**Your goal**
All of the data below should be output exactly as given.

########################################

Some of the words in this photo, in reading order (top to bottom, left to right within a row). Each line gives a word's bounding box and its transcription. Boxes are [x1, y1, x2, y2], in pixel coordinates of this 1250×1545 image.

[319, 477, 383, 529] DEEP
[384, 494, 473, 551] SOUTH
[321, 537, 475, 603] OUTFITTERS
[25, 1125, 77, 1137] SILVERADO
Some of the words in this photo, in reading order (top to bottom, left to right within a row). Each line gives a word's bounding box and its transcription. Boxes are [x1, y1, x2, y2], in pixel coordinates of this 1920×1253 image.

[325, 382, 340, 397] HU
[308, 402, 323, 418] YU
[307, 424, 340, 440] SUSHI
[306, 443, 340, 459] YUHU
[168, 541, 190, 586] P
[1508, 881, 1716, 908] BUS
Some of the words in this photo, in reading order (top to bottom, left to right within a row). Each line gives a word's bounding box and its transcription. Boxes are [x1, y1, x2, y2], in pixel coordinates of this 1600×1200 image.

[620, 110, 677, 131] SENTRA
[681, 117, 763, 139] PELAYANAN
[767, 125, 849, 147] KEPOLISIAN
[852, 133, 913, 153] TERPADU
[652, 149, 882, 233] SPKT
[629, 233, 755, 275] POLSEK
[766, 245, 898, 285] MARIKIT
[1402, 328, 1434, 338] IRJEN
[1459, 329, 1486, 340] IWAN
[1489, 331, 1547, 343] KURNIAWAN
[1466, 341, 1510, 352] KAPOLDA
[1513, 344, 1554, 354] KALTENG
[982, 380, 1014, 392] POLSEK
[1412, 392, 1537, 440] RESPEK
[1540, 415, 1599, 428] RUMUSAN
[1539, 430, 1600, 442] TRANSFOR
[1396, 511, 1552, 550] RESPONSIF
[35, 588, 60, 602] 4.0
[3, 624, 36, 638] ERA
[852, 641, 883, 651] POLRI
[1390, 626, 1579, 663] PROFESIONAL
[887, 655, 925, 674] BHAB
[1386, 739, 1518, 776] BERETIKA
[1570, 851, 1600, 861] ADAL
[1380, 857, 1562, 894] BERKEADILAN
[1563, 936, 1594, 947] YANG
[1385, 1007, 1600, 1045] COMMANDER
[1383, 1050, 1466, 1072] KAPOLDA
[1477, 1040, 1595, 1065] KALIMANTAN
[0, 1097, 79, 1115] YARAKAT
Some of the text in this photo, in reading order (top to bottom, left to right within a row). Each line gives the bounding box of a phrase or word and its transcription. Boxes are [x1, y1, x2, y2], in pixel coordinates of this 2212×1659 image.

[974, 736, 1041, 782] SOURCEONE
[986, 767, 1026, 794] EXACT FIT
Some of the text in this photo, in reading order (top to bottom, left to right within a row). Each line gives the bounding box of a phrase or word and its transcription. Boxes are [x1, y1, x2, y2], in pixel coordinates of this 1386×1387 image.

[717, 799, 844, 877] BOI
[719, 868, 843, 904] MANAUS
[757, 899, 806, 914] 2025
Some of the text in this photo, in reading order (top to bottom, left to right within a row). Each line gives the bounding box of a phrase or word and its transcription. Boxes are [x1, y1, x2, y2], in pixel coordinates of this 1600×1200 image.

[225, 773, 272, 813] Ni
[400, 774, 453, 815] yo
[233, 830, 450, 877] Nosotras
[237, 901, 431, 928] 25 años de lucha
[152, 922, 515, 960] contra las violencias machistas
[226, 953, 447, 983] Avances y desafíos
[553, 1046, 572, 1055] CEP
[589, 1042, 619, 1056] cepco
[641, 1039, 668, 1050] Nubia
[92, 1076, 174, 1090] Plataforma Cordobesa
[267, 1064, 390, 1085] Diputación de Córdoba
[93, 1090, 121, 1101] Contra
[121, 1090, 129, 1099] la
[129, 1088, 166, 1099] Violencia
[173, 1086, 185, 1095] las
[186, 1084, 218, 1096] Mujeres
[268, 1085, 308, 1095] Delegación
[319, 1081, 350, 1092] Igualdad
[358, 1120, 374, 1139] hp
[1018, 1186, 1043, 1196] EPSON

########################################

**Result**
Some of the words in this photo, in reading order (top to bottom, left to right within a row). Each line gives a word's bounding box and its transcription. Boxes are [x1, y1, x2, y2], in pixel coordinates of this 1250×1545 image.

[319, 477, 383, 529] DEEP
[384, 494, 473, 551] SOUTH
[321, 537, 475, 603] OUTFITTERS
[25, 1125, 77, 1137] SILVERADO
Some of the words in this photo, in reading order (top to bottom, left to right within a row). Each line gives a word's bounding box and its transcription. Boxes are [x1, y1, x2, y2], in pixel coordinates of this 1920×1253 image.

[325, 382, 340, 397] HU
[308, 402, 323, 418] YU
[307, 424, 340, 440] SUSHI
[306, 443, 340, 459] YUHU
[168, 541, 190, 586] P
[1508, 881, 1716, 908] BUS
Some of the words in this photo, in reading order (top to bottom, left to right within a row). Each line gives a word's bounding box and its transcription. Boxes are [x1, y1, x2, y2], in pixel coordinates of this 1600×1200 image.

[620, 110, 677, 131] SENTRA
[681, 117, 763, 139] PELAYANAN
[767, 125, 849, 147] KEPOLISIAN
[852, 133, 913, 153] TERPADU
[652, 149, 882, 233] SPKT
[629, 233, 755, 275] POLSEK
[766, 245, 898, 285] MARIKIT
[1402, 328, 1434, 338] IRJEN
[1459, 329, 1486, 340] IWAN
[1489, 331, 1547, 343] KURNIAWAN
[1466, 341, 1510, 352] KAPOLDA
[1513, 344, 1554, 354] KALTENG
[982, 380, 1014, 392] POLSEK
[1412, 392, 1537, 440] RESPEK
[1540, 415, 1599, 428] RUMUSAN
[1539, 430, 1600, 442] TRANSFOR
[1396, 511, 1552, 550] RESPONSIF
[35, 588, 60, 602] 4.0
[3, 624, 36, 638] ERA
[852, 641, 883, 651] POLRI
[1390, 626, 1579, 663] PROFESIONAL
[887, 655, 925, 674] BHAB
[1386, 739, 1518, 776] BERETIKA
[1570, 851, 1600, 861] ADAL
[1380, 857, 1562, 894] BERKEADILAN
[1563, 936, 1594, 947] YANG
[1385, 1007, 1600, 1045] COMMANDER
[1383, 1050, 1466, 1072] KAPOLDA
[1477, 1040, 1595, 1065] KALIMANTAN
[0, 1097, 79, 1115] YARAKAT
Some of the text in this photo, in reading order (top to bottom, left to right within a row). Each line gives the bounding box of a phrase or word and its transcription. Boxes are [x1, y1, x2, y2], in pixel coordinates of this 2212×1659 image.

[974, 736, 1041, 782] SOURCEONE
[986, 767, 1026, 794] EXACT FIT
Some of the text in this photo, in reading order (top to bottom, left to right within a row). Each line gives the bounding box of a phrase or word and its transcription. Boxes are [x1, y1, x2, y2], in pixel coordinates of this 1386×1387 image.

[717, 799, 844, 877] BOI
[719, 868, 843, 904] MANAUS
[757, 899, 806, 914] 2025
Some of the text in this photo, in reading order (top to bottom, left to right within a row). Each line gives the bounding box of a phrase or word and its transcription. Boxes are [x1, y1, x2, y2], in pixel coordinates of this 1600×1200 image.

[225, 773, 272, 813] Ni
[400, 774, 453, 815] yo
[233, 830, 450, 877] Nosotras
[237, 901, 431, 928] 25 años de lucha
[152, 922, 515, 960] contra las violencias machistas
[226, 953, 447, 983] Avances y desafíos
[553, 1046, 572, 1055] CEP
[589, 1042, 619, 1056] cepco
[641, 1039, 668, 1050] Nubia
[92, 1076, 174, 1090] Plataforma Cordobesa
[267, 1064, 390, 1085] Diputación de Córdoba
[93, 1090, 121, 1101] Contra
[121, 1090, 129, 1099] la
[129, 1088, 166, 1099] Violencia
[173, 1086, 185, 1095] las
[186, 1084, 218, 1096] Mujeres
[268, 1085, 308, 1095] Delegación
[319, 1081, 350, 1092] Igualdad
[358, 1120, 374, 1139] hp
[1018, 1186, 1043, 1196] EPSON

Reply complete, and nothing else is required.